Au travers de quatre questions simples, plusieurs personnalités dessinent pour nous, le paysage des mois à venir. Partant de leur expérience de l’arrêt brutal de leurs activités, la mise en place d’une reprise et, après le déconfinement du 11 mai dernier, le lent et vital retour à la vie d’avant… Mais en version “après”.
Ces points de vue, parfois divergents, ont toutefois un point commun : la volonté et la foi dans le retour à la croissance sans éluder, il faut le reconnaître, le véritable chemin de Damas que risque d’être le parcours de leurs entreprises dans les temps qui viennent.
Ont répondu les entreprises Atlantem, Atulam, Castes Industrie, Cetih, Concept alu, Dickson-Constant, DSI, Euradif, Fenêtréa, FPEE, France-Fermeture, Homkia, Hörmann, KE France, Lorillard, Minco, Novoferm, Profialis, Reynaers, Tryba, Veka.
Un immense merci d’avoir consacré du temps à ces interviews en pleine reprise de leurs activités.

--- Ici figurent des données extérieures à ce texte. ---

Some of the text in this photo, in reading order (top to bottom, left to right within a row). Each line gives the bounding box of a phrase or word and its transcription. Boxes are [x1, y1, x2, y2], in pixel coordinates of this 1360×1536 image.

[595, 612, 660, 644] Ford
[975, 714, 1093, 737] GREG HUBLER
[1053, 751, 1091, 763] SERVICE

Concrètement et techniquement, comment comptez-vous gérer les semaines qui suivent le début du “déconfinement” du 11 mai dernier ?

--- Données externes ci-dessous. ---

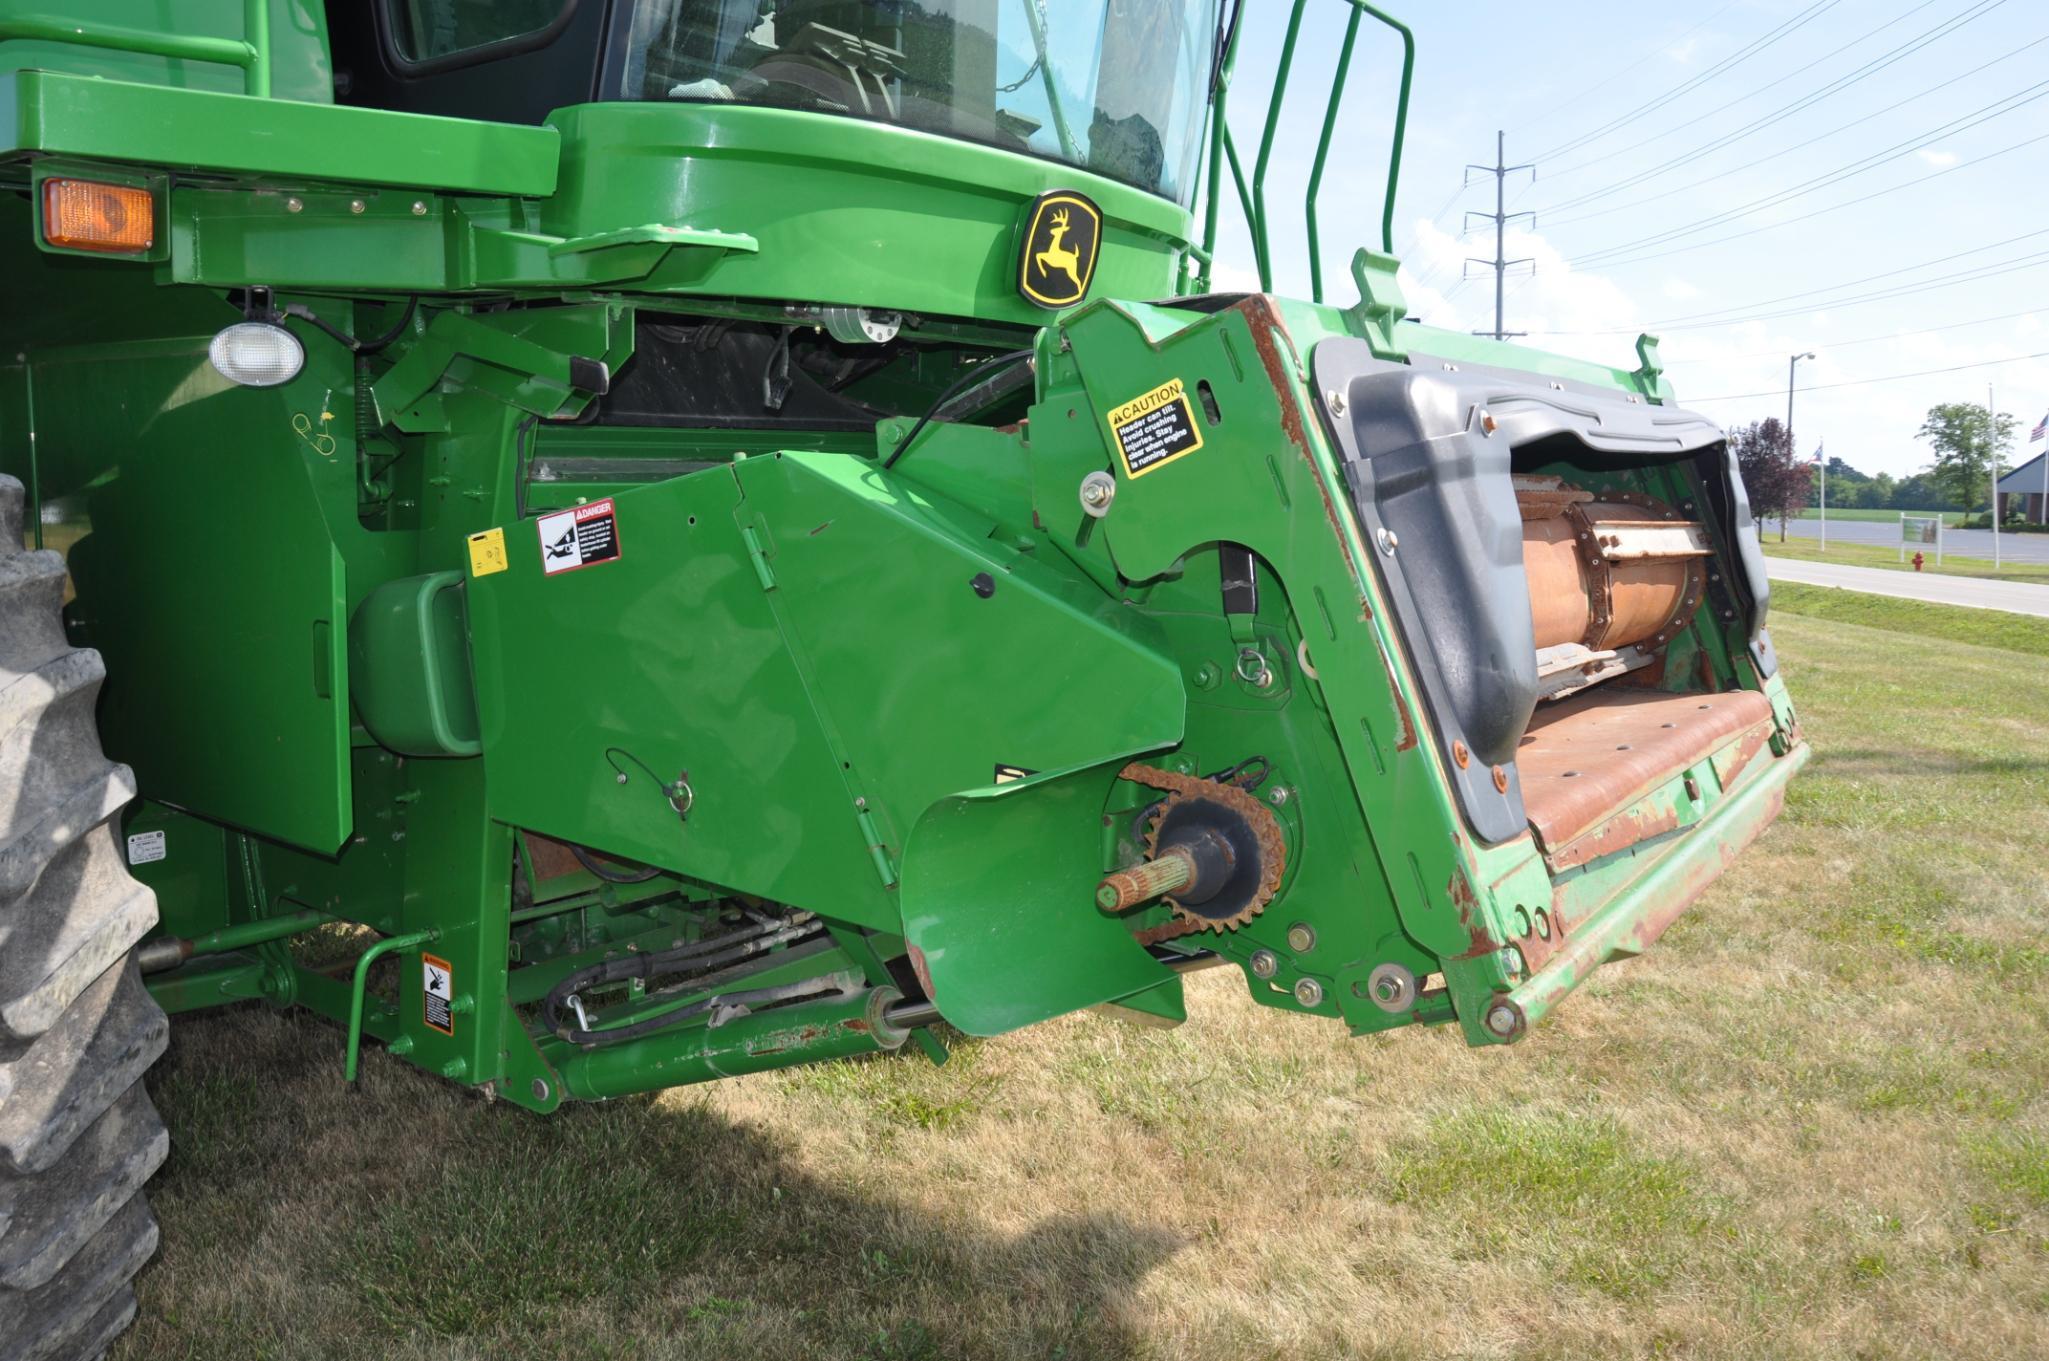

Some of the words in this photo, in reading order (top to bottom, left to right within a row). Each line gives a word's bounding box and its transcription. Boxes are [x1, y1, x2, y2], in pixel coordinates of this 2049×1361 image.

[1122, 383, 1180, 420] CAUTION
[1119, 418, 1146, 436] Header
[1146, 411, 1161, 423] can
[1161, 404, 1176, 415] tilt.
[1122, 429, 1144, 445] Avoid
[1144, 413, 1177, 434] crushing
[1155, 425, 1173, 438] Stay
[1128, 448, 1145, 461] clear
[1145, 439, 1164, 452] when
[1163, 428, 1187, 444] engine
[1130, 460, 1138, 469] is
[1138, 448, 1169, 466] running.
[582, 502, 612, 518] DANGER

« L’entreprise Castes Industrie a rouvert et mis en place des mesures sanitaires strictes dès le 20 avril dernier en mode “dégradé” suite à une longue préparation. Le 4 mai, notre usine a repris son activité à 100 %.
Depuis le 11 mai et suite au déconfinement nous continuons et maintenons ce niveau de productivité. Pour cela, de nombreuses mesures ont été prises, et nous continuerons à les appliquer. L’entreprise fournit bien sûr les équipements indispensables comme des gants, des masques, du gel hydroalcoolique. De nouvelles façons de penser et de s’organiser doivent aussi être appliquées par tous. Les salles de pause, les réfectoires ont évidemment été fermés provisoirement pour éviter les croisements.
Les entrées dans les bâtiments se font individuellement en respectant une large distance de sécurité. Les horaires ont été aménagés pour éviter les pauses en commun et tous les postes de travail et équipements sont désinfectés après chaque utilisation.
Côté administratif, toutes les personnes pouvant faire du télétravail travaillent à distance, afin de réduire un maximum le nombre de personnes présentes en même temps dans les bureaux, et nous maintiendrons cette décision. Depuis le 11 mai on a continué en étant vigilant sur le respect des règles dans le temps ».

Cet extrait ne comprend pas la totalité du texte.